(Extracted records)
== Segment start ==
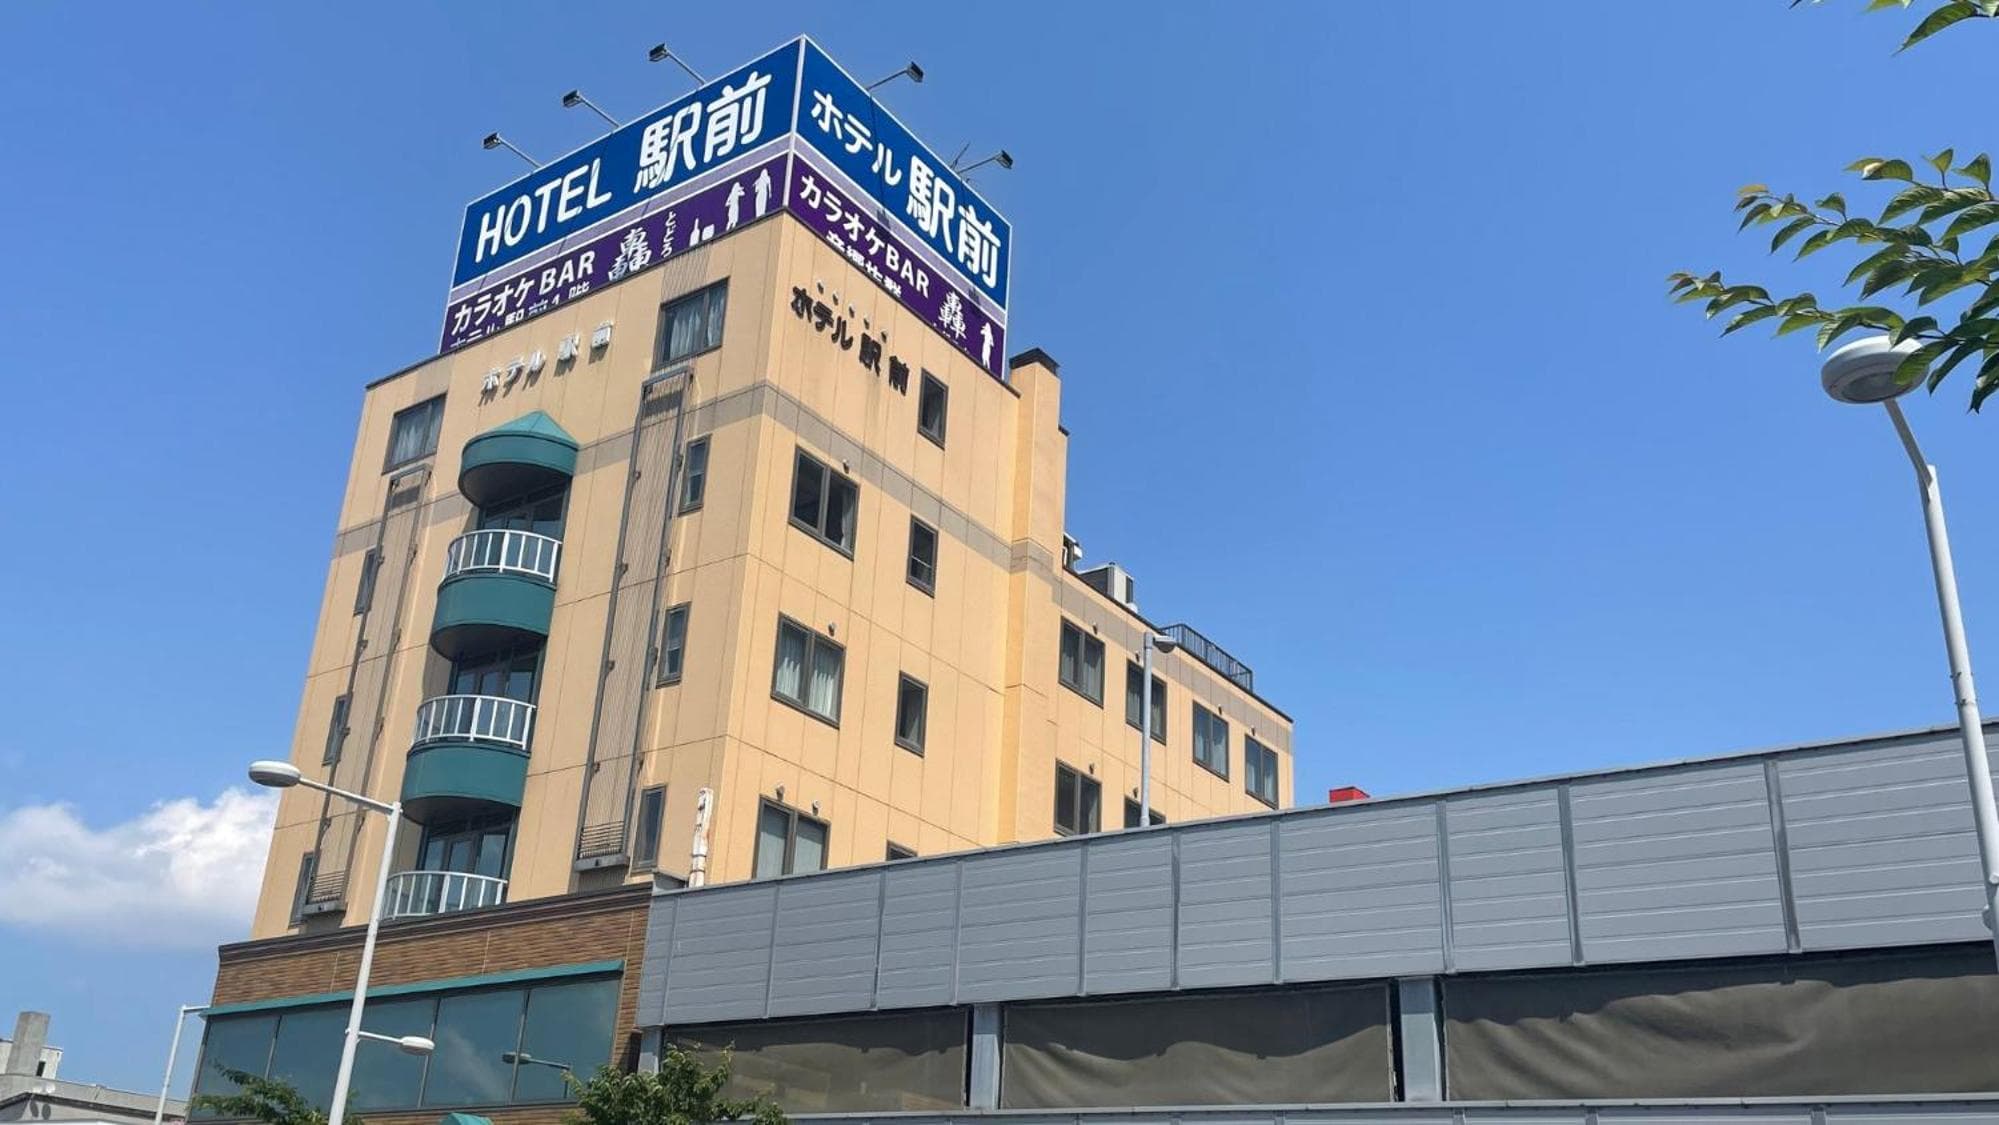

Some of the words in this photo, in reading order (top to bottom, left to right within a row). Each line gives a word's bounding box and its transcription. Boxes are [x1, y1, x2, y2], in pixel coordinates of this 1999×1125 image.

[475, 158, 612, 263] HOTEL
[633, 71, 772, 193] 駅前
[811, 89, 902, 186] ホテル
[906, 155, 1001, 289] 駅前
[791, 286, 854, 350] ホテル
== Segment end ==
• [Exercise description] Return the data above in its exact wording, with none of the pictures.

• [Written response]
Some of the words in this photo, in reading order (top to bottom, left to right within a row). Each line gives a word's bounding box and its transcription. Boxes are [x1, y1, x2, y2], in pixel coordinates of this 1999×1125 image.

[475, 158, 612, 263] HOTEL
[633, 71, 772, 193] 駅前
[811, 89, 902, 186] ホテル
[906, 155, 1001, 289] 駅前
[791, 286, 854, 350] ホテル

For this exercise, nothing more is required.